**DIRECTIONS**
Starting with the line that contains "this 1200×1600 image.", reproduce each line through the end of the entries exactly as written.

**DATA RECORDS**
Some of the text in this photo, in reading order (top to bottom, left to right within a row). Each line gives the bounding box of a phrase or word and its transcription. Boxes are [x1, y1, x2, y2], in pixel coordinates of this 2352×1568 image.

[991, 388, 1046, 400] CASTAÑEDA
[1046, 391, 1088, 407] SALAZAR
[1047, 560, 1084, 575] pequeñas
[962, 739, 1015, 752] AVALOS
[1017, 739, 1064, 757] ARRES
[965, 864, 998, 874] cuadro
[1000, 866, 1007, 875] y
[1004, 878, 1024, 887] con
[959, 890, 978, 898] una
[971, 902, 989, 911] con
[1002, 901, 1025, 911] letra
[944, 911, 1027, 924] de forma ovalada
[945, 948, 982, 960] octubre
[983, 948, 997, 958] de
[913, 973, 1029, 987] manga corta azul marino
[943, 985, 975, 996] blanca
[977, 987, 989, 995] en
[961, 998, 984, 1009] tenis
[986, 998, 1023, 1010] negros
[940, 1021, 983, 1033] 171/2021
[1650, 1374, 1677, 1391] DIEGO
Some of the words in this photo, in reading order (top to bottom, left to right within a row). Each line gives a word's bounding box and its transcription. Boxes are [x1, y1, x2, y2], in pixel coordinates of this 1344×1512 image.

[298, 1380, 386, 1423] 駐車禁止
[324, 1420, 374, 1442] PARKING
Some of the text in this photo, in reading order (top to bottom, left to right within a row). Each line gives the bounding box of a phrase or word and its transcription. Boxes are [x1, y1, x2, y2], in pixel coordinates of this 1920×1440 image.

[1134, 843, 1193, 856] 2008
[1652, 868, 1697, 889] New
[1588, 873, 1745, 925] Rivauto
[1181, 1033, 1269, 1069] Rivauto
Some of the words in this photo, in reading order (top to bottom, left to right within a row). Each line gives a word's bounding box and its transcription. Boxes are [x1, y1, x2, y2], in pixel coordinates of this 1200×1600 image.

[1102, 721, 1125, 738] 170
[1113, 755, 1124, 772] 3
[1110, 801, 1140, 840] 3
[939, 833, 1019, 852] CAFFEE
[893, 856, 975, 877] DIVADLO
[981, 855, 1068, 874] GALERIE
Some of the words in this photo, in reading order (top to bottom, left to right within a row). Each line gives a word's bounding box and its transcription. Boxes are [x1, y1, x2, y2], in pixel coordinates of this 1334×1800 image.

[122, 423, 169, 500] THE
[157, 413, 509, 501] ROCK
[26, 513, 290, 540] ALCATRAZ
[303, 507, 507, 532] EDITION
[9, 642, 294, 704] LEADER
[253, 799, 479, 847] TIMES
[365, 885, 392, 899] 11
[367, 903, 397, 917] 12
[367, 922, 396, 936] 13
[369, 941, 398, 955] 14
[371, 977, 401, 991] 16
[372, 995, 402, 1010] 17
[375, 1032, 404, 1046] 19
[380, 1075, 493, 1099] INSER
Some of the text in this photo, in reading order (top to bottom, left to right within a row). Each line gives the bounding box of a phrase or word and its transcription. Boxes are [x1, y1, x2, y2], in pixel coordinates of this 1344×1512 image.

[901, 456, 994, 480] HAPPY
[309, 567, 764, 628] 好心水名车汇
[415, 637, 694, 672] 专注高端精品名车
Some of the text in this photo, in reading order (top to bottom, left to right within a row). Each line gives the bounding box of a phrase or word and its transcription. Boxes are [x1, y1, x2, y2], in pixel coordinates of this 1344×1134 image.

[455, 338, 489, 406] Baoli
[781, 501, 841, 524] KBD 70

**RESULT**
Some of the words in this photo, in reading order (top to bottom, left to right within a row). Each line gives a word's bounding box and its transcription. Boxes are [x1, y1, x2, y2], in pixel coordinates of this 1200×1600 image.

[1102, 721, 1125, 738] 170
[1113, 755, 1124, 772] 3
[1110, 801, 1140, 840] 3
[939, 833, 1019, 852] CAFFEE
[893, 856, 975, 877] DIVADLO
[981, 855, 1068, 874] GALERIE
Some of the words in this photo, in reading order (top to bottom, left to right within a row). Each line gives a word's bounding box and its transcription. Boxes are [x1, y1, x2, y2], in pixel coordinates of this 1334×1800 image.

[122, 423, 169, 500] THE
[157, 413, 509, 501] ROCK
[26, 513, 290, 540] ALCATRAZ
[303, 507, 507, 532] EDITION
[9, 642, 294, 704] LEADER
[253, 799, 479, 847] TIMES
[365, 885, 392, 899] 11
[367, 903, 397, 917] 12
[367, 922, 396, 936] 13
[369, 941, 398, 955] 14
[371, 977, 401, 991] 16
[372, 995, 402, 1010] 17
[375, 1032, 404, 1046] 19
[380, 1075, 493, 1099] INSER
Some of the text in this photo, in reading order (top to bottom, left to right within a row). Each line gives the bounding box of a phrase or word and its transcription. Boxes are [x1, y1, x2, y2], in pixel coordinates of this 1344×1512 image.

[901, 456, 994, 480] HAPPY
[309, 567, 764, 628] 好心水名车汇
[415, 637, 694, 672] 专注高端精品名车
Some of the text in this photo, in reading order (top to bottom, left to right within a row). Each line gives the bounding box of a phrase or word and its transcription. Boxes are [x1, y1, x2, y2], in pixel coordinates of this 1344×1134 image.

[455, 338, 489, 406] Baoli
[781, 501, 841, 524] KBD 70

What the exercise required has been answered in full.